The two biggest issues that I have with the GlobalProtect Client are:

  1. The UI provides no clean way to be launched other than opening up a command line and running 'globalprotect launch-ui'

  2. It provides absolutely know way to know the status of the VPN connection within a DE, or even from the commandline. Am I still connected? Did I forget to connect? Who knows?

I use Gnome, so the first thing I did was look for a Gnome Shell Extension that fixed any of this.

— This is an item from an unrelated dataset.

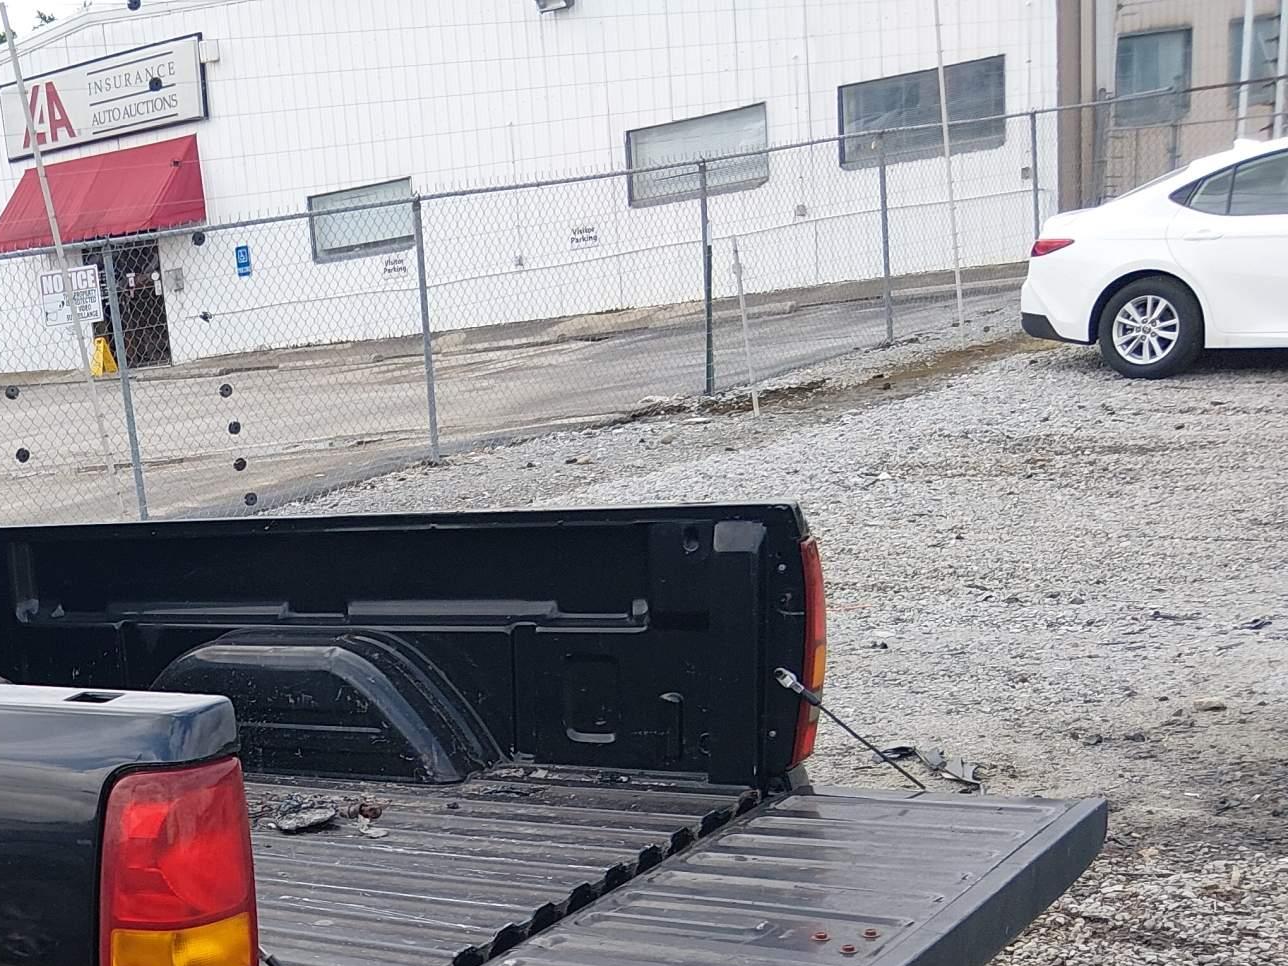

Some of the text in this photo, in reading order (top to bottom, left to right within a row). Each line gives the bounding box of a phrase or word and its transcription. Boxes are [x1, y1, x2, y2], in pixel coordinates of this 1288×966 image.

I found globalprotect-indicator by fbuescher which solves 2, but not 1. (Note, there is also GlobalProtect VPN by guyou31 which might work for you, but was not useful for me since I need the GUI version since our implementation requires SSO with a SAML IDP). globalprotect-indicator by fbuescher was an excellent starting point for my needs, so I modified it in two ways:

  1. Display an 'x' when the VPN is not connected, so there is always an icon visible in the UI.
  2. Bring up the UI when you click on the icon.

This gives me an easy way to both see the status, and start and stop the VPN from Gnome.

You can install the extension by going to https://extensions.gnome.org/extension/3106/woogies-globalprotect-extension/.

systemd path and service

The other problem I had was the GlobalProtect client overwrites /etc/resolv.conf with my work's DNS servers. This might be fine for many things, but we don't have split DNS so there is nothing these servers can resolve that the public internet cannot, but it breaks resolving things only my DNS knows about. So I wrote some systemd files to monitor /etc/resolv.conf for changes, and undo the changes if GlobalProtect overwrote it.